The pyrotechnics at the end made up for a dull start to the match in front of a nearly empty stadium when the West Indies openers treated the dibbly-dobbly attack with undue caution. There were only six fours in the first 15 overs on a track that, despite plenty of grass, afforded little movement for the seamers.
West Indies were dawdling at 3.5 runs per over when O'Brien struck in the 25th, getting Chanderpaul first, and Darren Bravo for a duck three balls later. Smith persevered and he stepped up his strike-rate in the Powerplay with a series of fours, reaching his hundred in the 39th over.
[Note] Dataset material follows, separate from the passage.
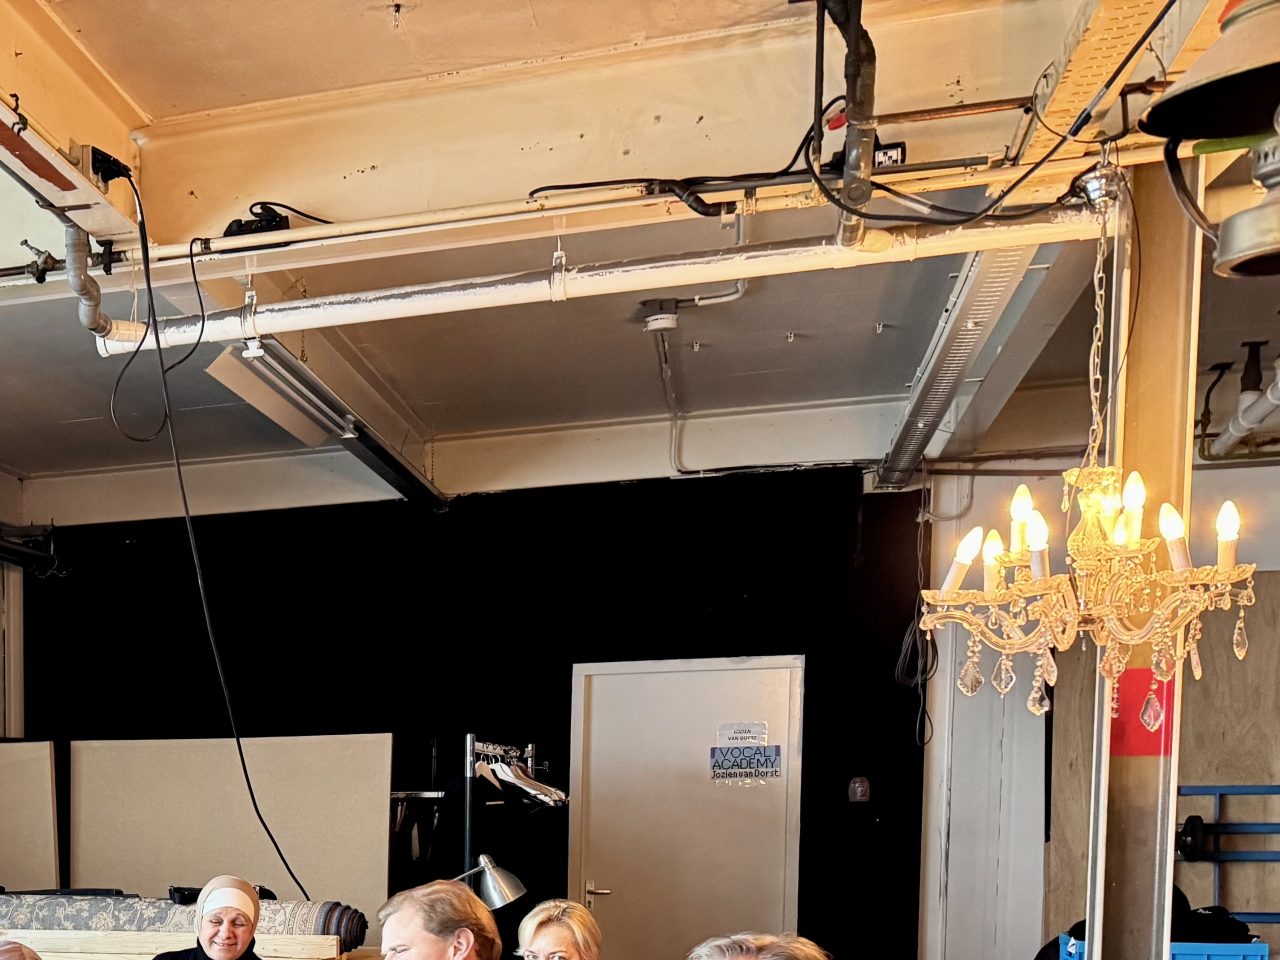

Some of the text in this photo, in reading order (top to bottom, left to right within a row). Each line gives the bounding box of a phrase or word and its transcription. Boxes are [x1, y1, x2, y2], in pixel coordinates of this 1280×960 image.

It didn't thrill the watchers, but for a side which has only managed four centuries in their last 28 matches, it was an important innings.
Soon after, Kevin O'Brien struck twice in an over for the second time, though that didn't stop the runs. Puzzlingly, Ireland used their best bowler, left-arm spinner George Dockrell, for only three overs.
Ireland's chase got off to a terrible start as Paul Stirling's poor World Cup continued, dismissed in the second over. Joyce walked in and caressed his first two deliveries for four and Ireland sprinted to 35 for 0 in five, before Darren Sammy reeled off three maidens in a row and, combining with the pacy and accurate debutant Russell, created the pressure that led to William Porterfield's dismissal.
Joyce and Niall O'Brien steadied Ireland, adding 44 trouble-free runs before Niall played down the wrong line to Sulieman Benn. Joyce and Wilson then forged the biggest partnership of the innings to keep Ireland afloat, but just as Wilson picked up the pace with a huge six and two reverse-swept fours, Joyce was dismissed. Kevin O'Brien fell to a spectacular diving catch from Pollard and with that Ireland's hopes were washed away.
A controversial lbw decision by umpire Asoka de Silva, which wasn't reversed on referral, ended Wilson's stay in the 42nd over, but by then Ireland were hurtling towards their third defeat, and now need two wins to qualify for the next stage.